Segment Start: Records for this task
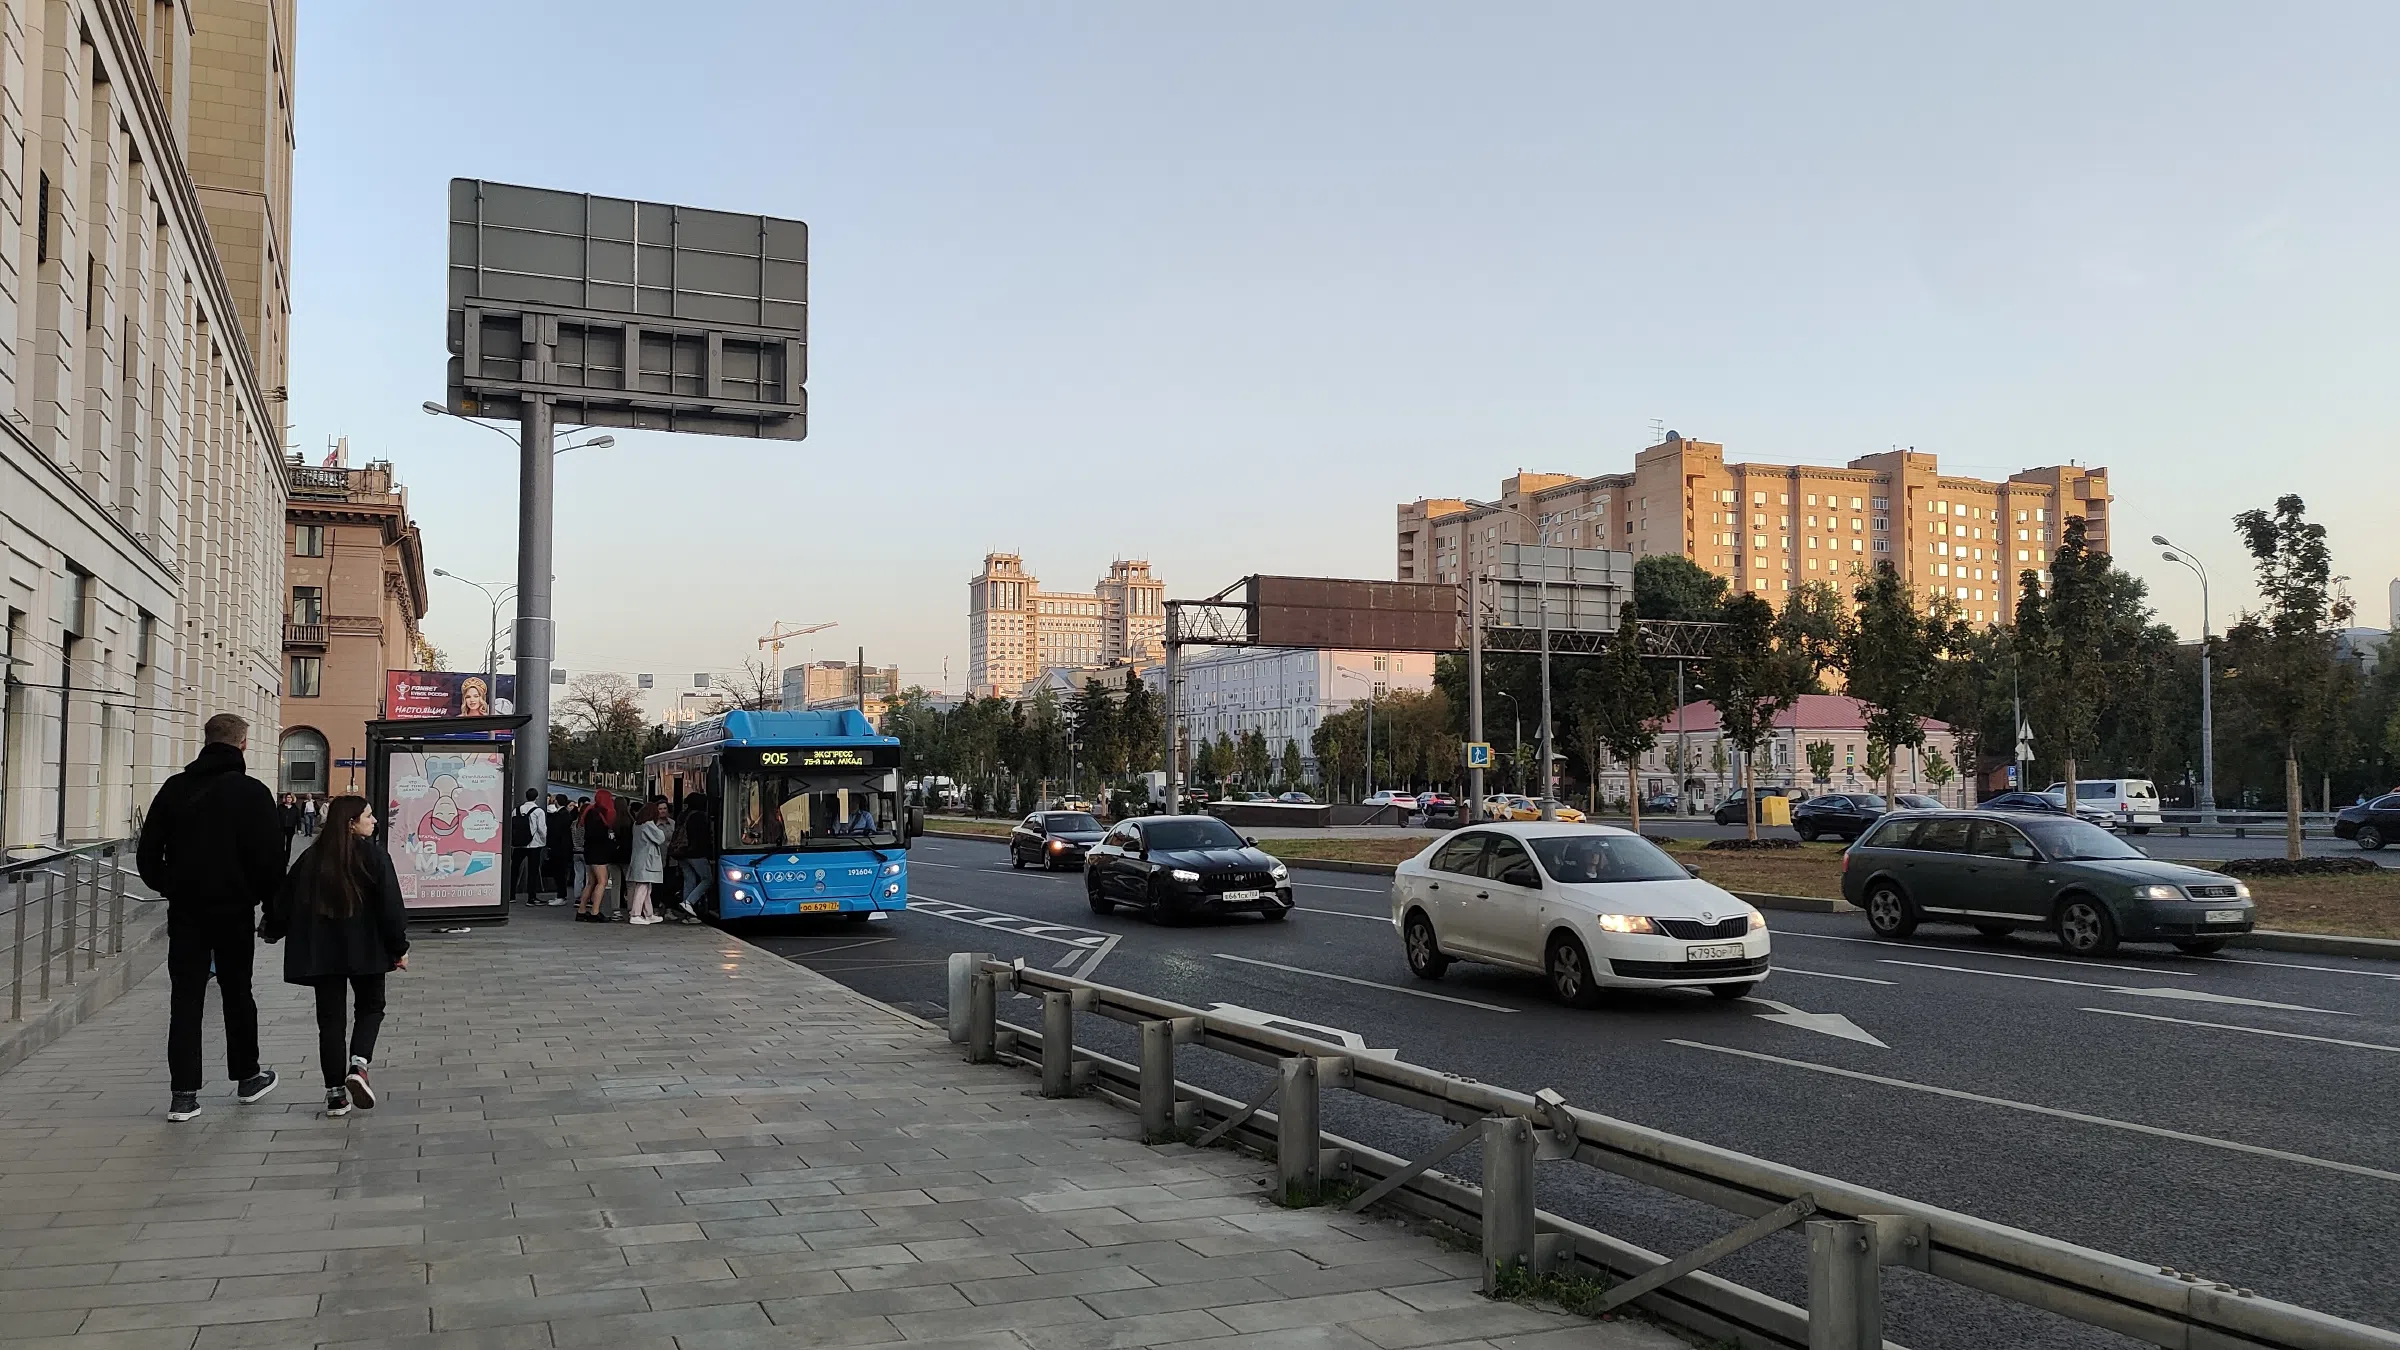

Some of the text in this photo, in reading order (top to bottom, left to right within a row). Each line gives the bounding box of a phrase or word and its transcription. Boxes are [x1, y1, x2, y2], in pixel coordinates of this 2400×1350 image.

[395, 705, 448, 715] НАСТОЯЩИЙ
[762, 752, 789, 765] 905
[813, 750, 853, 758] ЭКСПРЕСС
[837, 757, 863, 765] МКАД
Segment End: Records for this task
Pictures stay out; print everything else in the data exactly.

▸ Task output:
Some of the text in this photo, in reading order (top to bottom, left to right within a row). Each line gives the bounding box of a phrase or word and its transcription. Boxes are [x1, y1, x2, y2], in pixel coordinates of this 2400×1350 image.

[395, 705, 448, 715] НАСТОЯЩИЙ
[762, 752, 789, 765] 905
[813, 750, 853, 758] ЭКСПРЕСС
[837, 757, 863, 765] МКАД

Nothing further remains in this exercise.